その店は静岡は菊川駅近くにポツリとあった。午後からの仕事、地元工務店ささんへ伺う前の腹ごしらえのために店を探していたら、たまたま見つけたのだった。
建物は新築でこじゃれているのに、なぜこんなにボロボロ?と一瞬思ったものの、「わざと」の意思はすぐに分かった。ボロボロっぽく見せてはいるが、おしゃれに丁寧に手を入れていることも、外観廻りに滲み出ている。
店内は店内で、椅子も机もバラバラ、インテリアも統一感がなく“お店の家具やインテリアにお金がかけられないから、どっからかもらってきた物や廃品でいいや”という、まさに下町の昭和のかほりが。
でも、ぐちゃぐちゃであっても、コンセプトというか「バランス」が大事で、それがあ〜た、なかなか難しい。

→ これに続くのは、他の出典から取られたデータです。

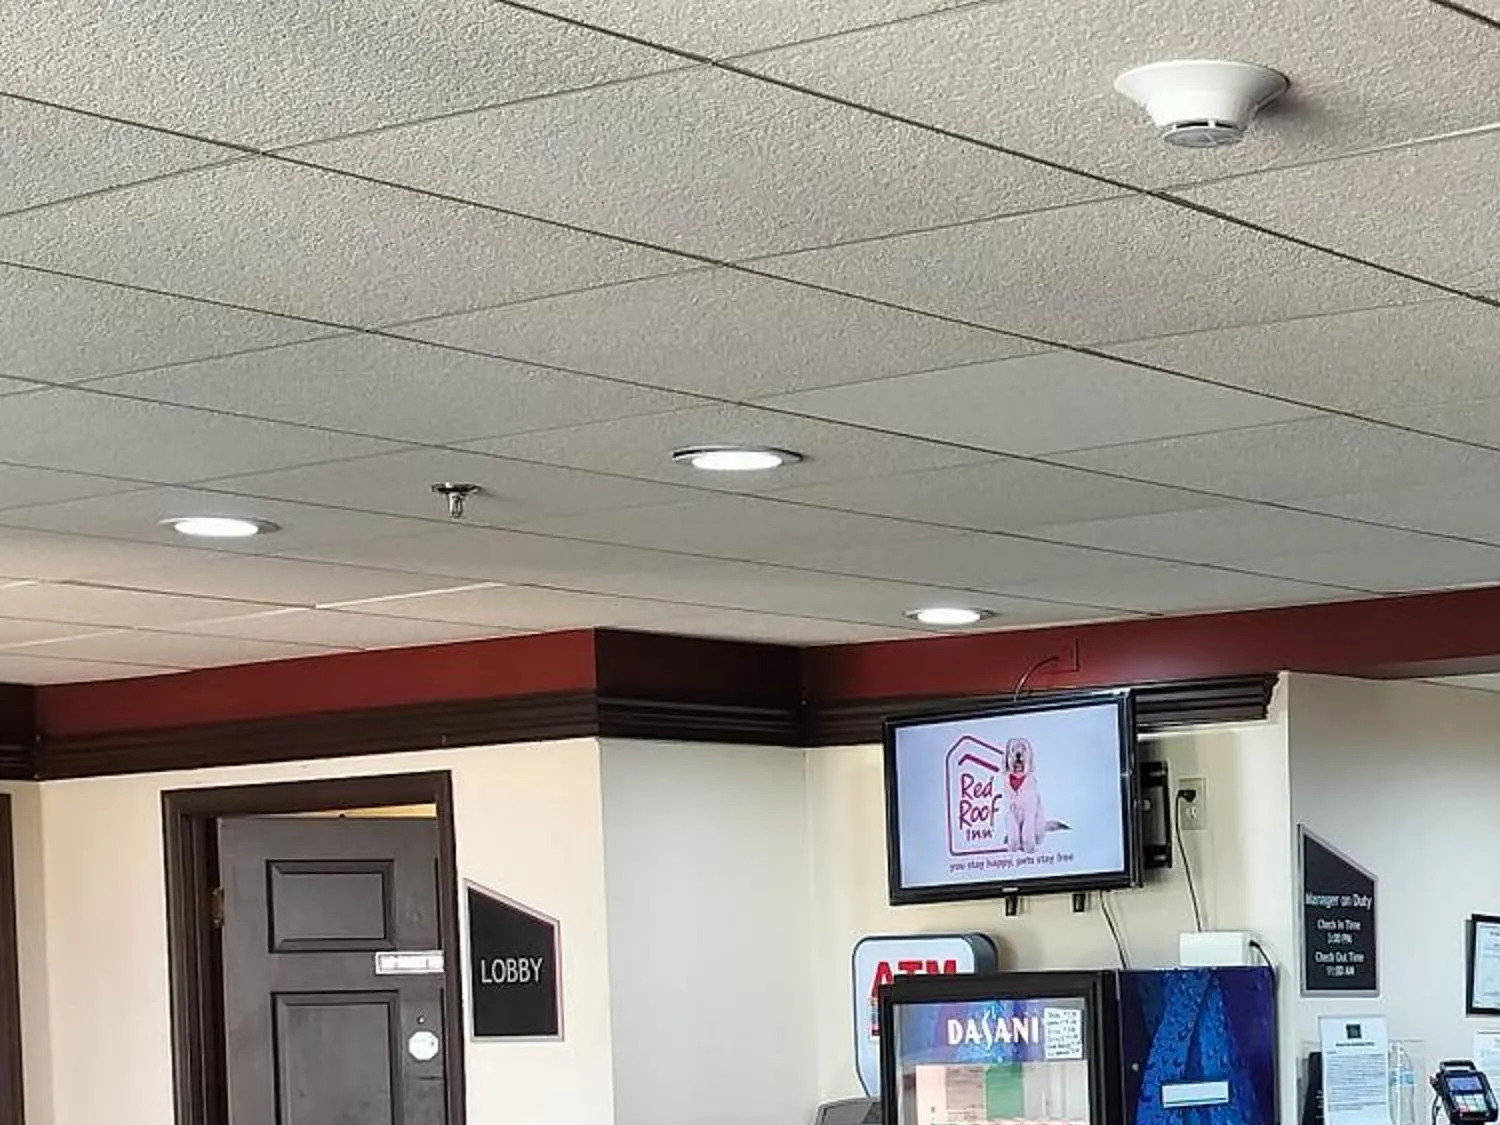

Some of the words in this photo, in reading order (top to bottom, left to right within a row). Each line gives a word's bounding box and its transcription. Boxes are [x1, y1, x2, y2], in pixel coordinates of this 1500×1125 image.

[960, 773, 994, 800] Red
[959, 794, 1003, 830] Roof
[1352, 893, 1373, 910] Duty
[480, 957, 544, 984] LOBBY
[1348, 951, 1365, 963] Time
[947, 1010, 1039, 1050] DASANI
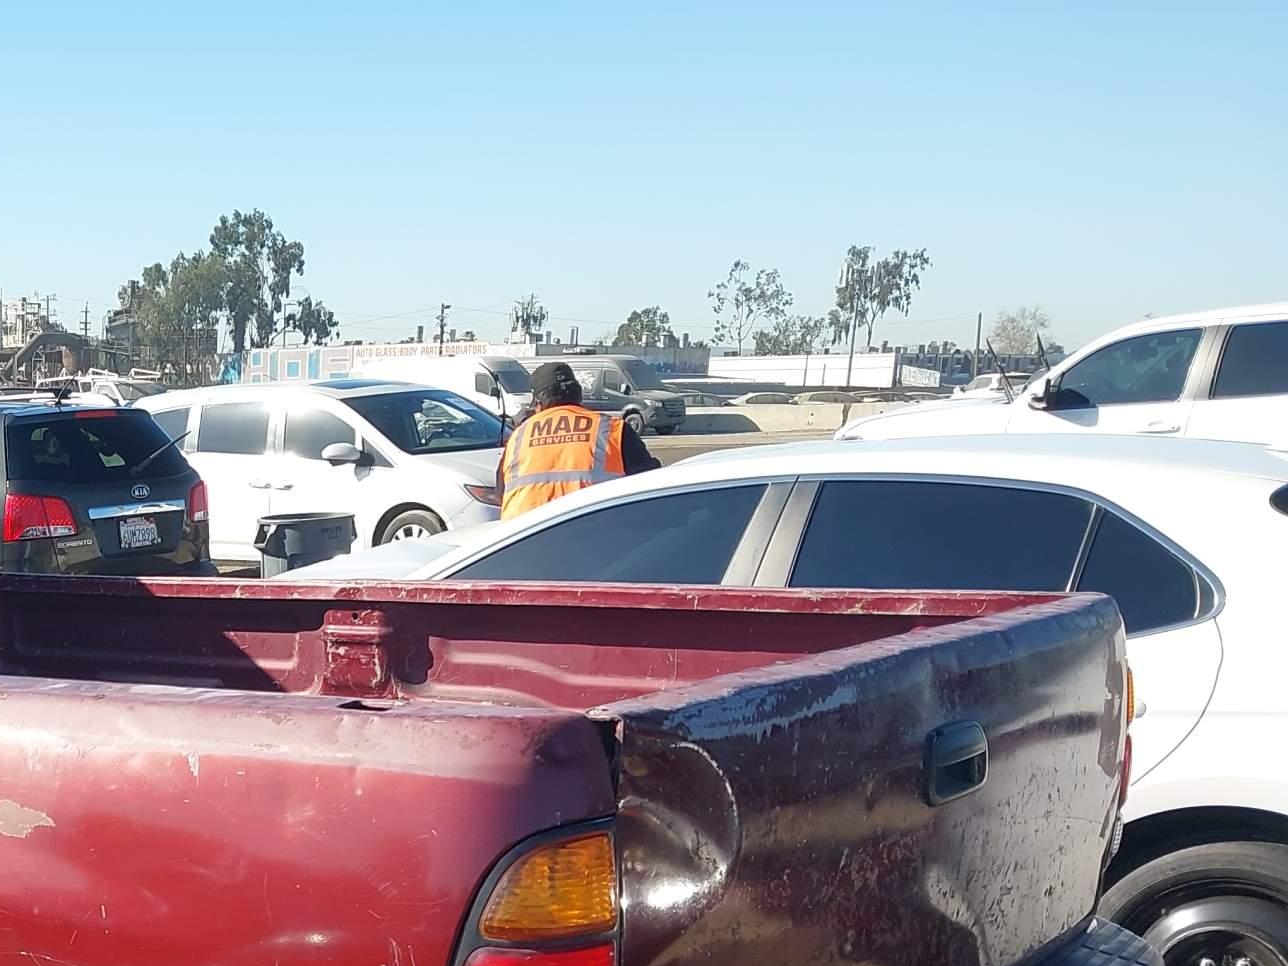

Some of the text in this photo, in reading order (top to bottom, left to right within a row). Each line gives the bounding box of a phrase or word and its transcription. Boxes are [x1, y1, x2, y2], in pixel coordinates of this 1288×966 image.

[355, 347, 373, 357] AUTO
[530, 415, 593, 438] MAD
[531, 433, 587, 445] SERVICES
[133, 487, 148, 497] KIA
[56, 539, 92, 549] SORENTO
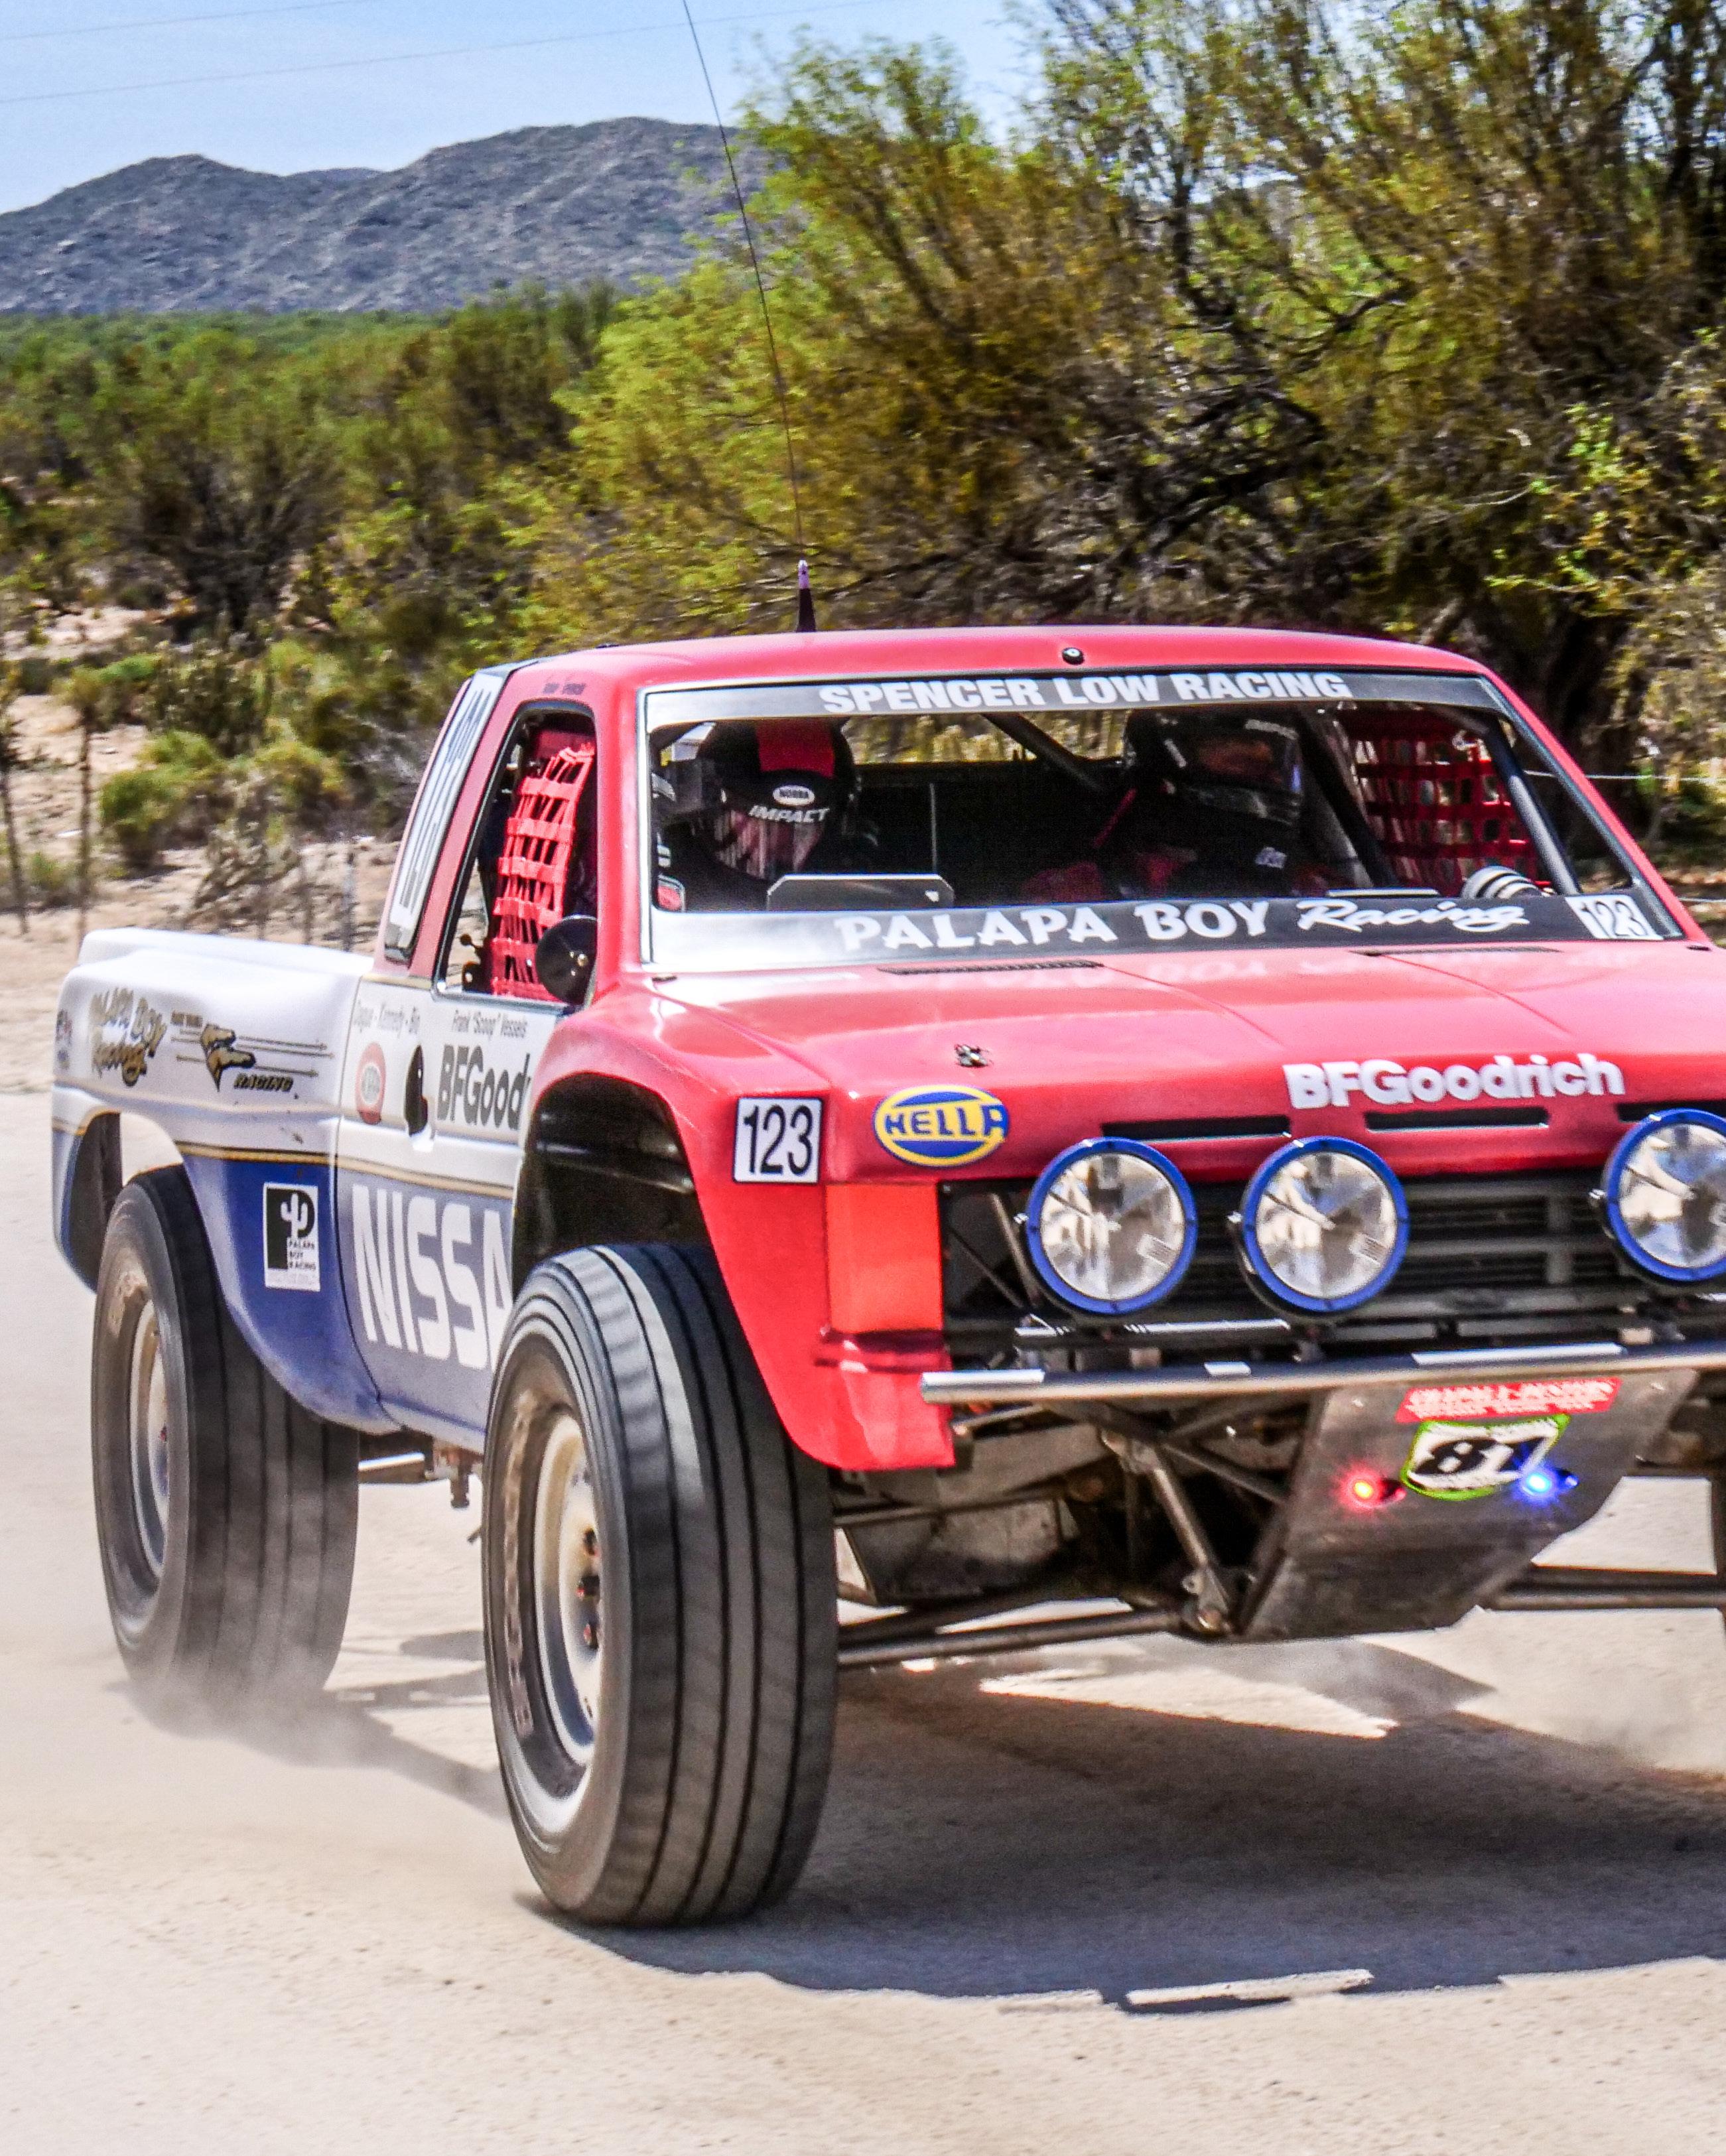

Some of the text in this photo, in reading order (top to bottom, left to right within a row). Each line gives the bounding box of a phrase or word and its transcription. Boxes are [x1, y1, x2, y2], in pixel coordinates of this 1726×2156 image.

[819, 672, 1353, 713] SPENCER LOW RACING
[748, 805, 830, 823] IMPACT
[833, 899, 1530, 951] PALAPA BOY Racing
[1581, 899, 1644, 938] 123
[234, 1073, 294, 1092] RACING
[437, 1044, 531, 1130] BFGood
[1282, 1053, 1626, 1109] BFGoodrich
[744, 1105, 813, 1176] 123
[885, 1104, 1009, 1138] HELLA
[352, 1183, 513, 1375] NISSA

でも、この平成の新築住宅の「ビンテージ」なお店は、おいらの好きな居心地のいい“昭和のかほり”なのだ。
ランチの煮込みハンバーグも旨かったねな。ちゃんと作ってる、って思った。食事を終え工務店さんのところへお邪魔した時に、この店の話しをしたら「うちで建てさせてもらったお客さんのお店なんですよ!」と。いやはや、ご縁ですねえ。
最近はキレイで、いやキレイ過ぎて無菌状態というか、毒気のない街や店が多く、セレブやブルジョアやエリートという方々に好かれるようなところが多すぎる。煙草も吸えないし・・・まあ、ごちゃごちゃした下町の商店街育ちのおいらのひがみ、なんだろうけどさ。旅ガラスで日本全国の繁華街や飲屋街を長年徘徊してるけど、どんどん無くなっていくなあ「昭和のかほり」が。